The word rusticle is a portmanteau of the words rust and icicle and was coined by Robert Ballard, who first observed them on the wreck of the Titanic in 1986. Rusticles on the Titanic were first investigated in 1996 by Roy Cullimore, based at the University of Regina in Canada. A previously unknown species of bacteria living inside the Titanics rusticles called Halomonas titanicae was discovered in 2010 by Henrietta Mann.

Rusticles can form on any submerged steel object and have been seen on other subsea structures such as mooring chains and subsea equipment. They form more rapidly in warmer climates and can form in water with little to no dissolved oxygen.

==Composition==
The rusticle consists of up to 35% iron compounds including iron oxides, iron carbonates, and iron hydroxides. Rusticles are found in a tube shapes of iron oxides which are vertical to one another. Rusticles are found to grow at approximately 1 cm a year and are most often found in areas of sunken hulls underwater.

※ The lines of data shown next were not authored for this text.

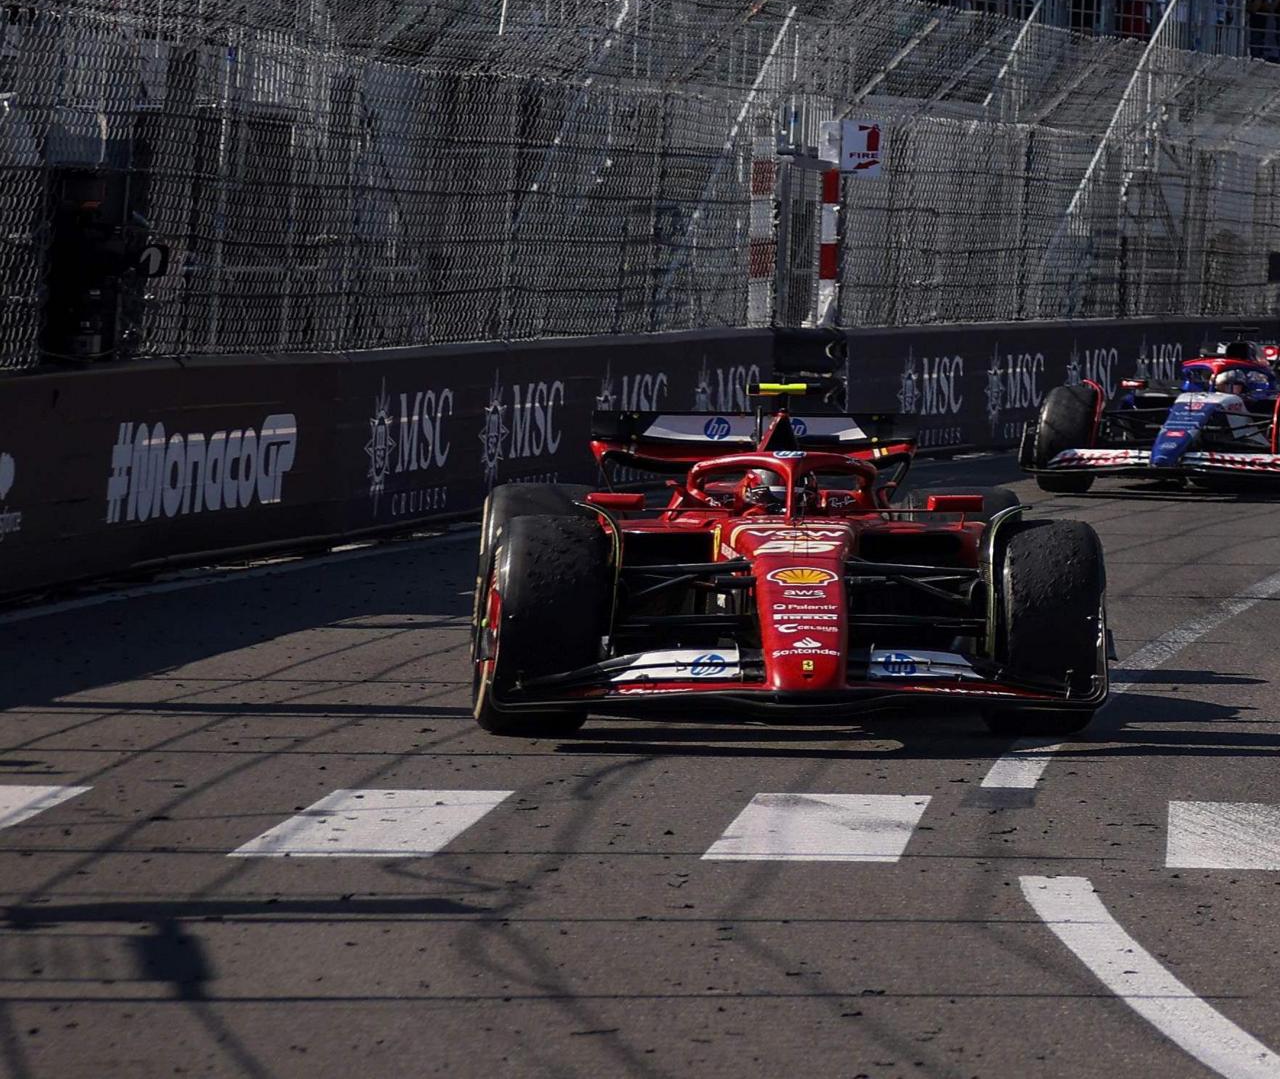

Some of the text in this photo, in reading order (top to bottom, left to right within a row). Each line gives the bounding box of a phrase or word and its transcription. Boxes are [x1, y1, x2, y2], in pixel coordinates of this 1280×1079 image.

[920, 356, 963, 416] MSC
[1006, 352, 1044, 409] MSC
[396, 388, 454, 473] MSC
[509, 381, 564, 458] MSC
[706, 417, 730, 440] hp
[391, 486, 448, 516] CRUISES
[753, 540, 843, 556] 55
[784, 589, 826, 597] aws

The remainder of the structure is a complex community of symbiotic or mutualistic microbes including bacteria Halomonas titanicae and fungi that use the rusting metal as a source of food, causing microbial corrosion and collectively producing the mineral compounds that form the rusticle as waste products.

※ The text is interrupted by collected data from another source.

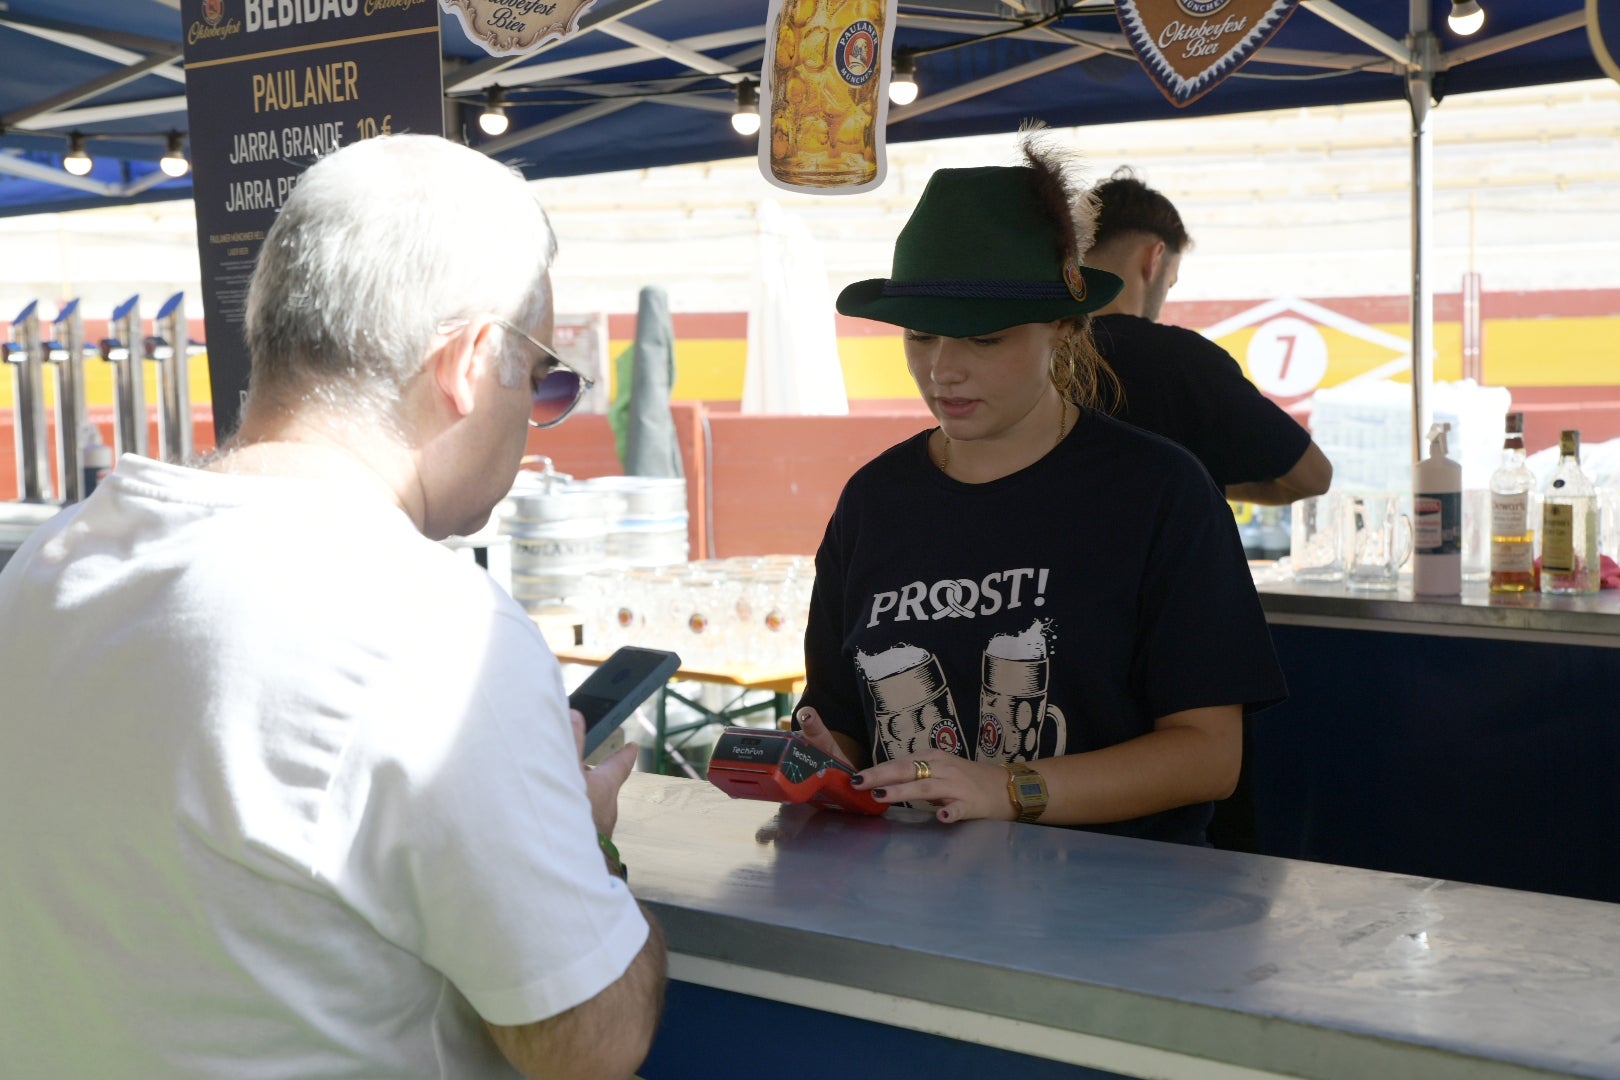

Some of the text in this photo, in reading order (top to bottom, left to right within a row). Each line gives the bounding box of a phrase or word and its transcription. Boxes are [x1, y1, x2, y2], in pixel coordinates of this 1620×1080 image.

[486, 7, 526, 33] Bier
[487, 0, 557, 15] oberfest
[187, 18, 241, 45] Oktoberfest
[840, 22, 878, 46] PAULANER
[1158, 14, 1248, 49] Oktoberfest
[1182, 37, 1219, 59] Bier
[252, 60, 359, 114] PAULANER
[229, 131, 280, 164] JARRA
[282, 121, 344, 158] GRANDE
[380, 114, 392, 136] €
[225, 175, 302, 213] JARRA PE
[1276, 335, 1297, 381] 7
[732, 746, 764, 756] TechFun
[792, 746, 818, 769] TechFun

Rusticles have been found to most often be composed of iron, calcium, chloride, magnesium, silica, sodium, and sulfate while there are other chemical compositions of rusticles but in much smaller quantities.

==Structure==
Structurally, rusticles contain channels which allow water to flow through, and they seem to build up in a ring structure similar to the growth rings of a tree. They are very delicate and can easily disintegrate into fine powder on even the slightest touch.

==Colours==
The outer surface of a rusticle is smooth red in appearance from the iron(III) oxide, while the core is bright orange due to the presence of crystals of goethite. There are several morphologies of the rusticle, some of which are conical, cylindrical, and rusticle on the seafloor.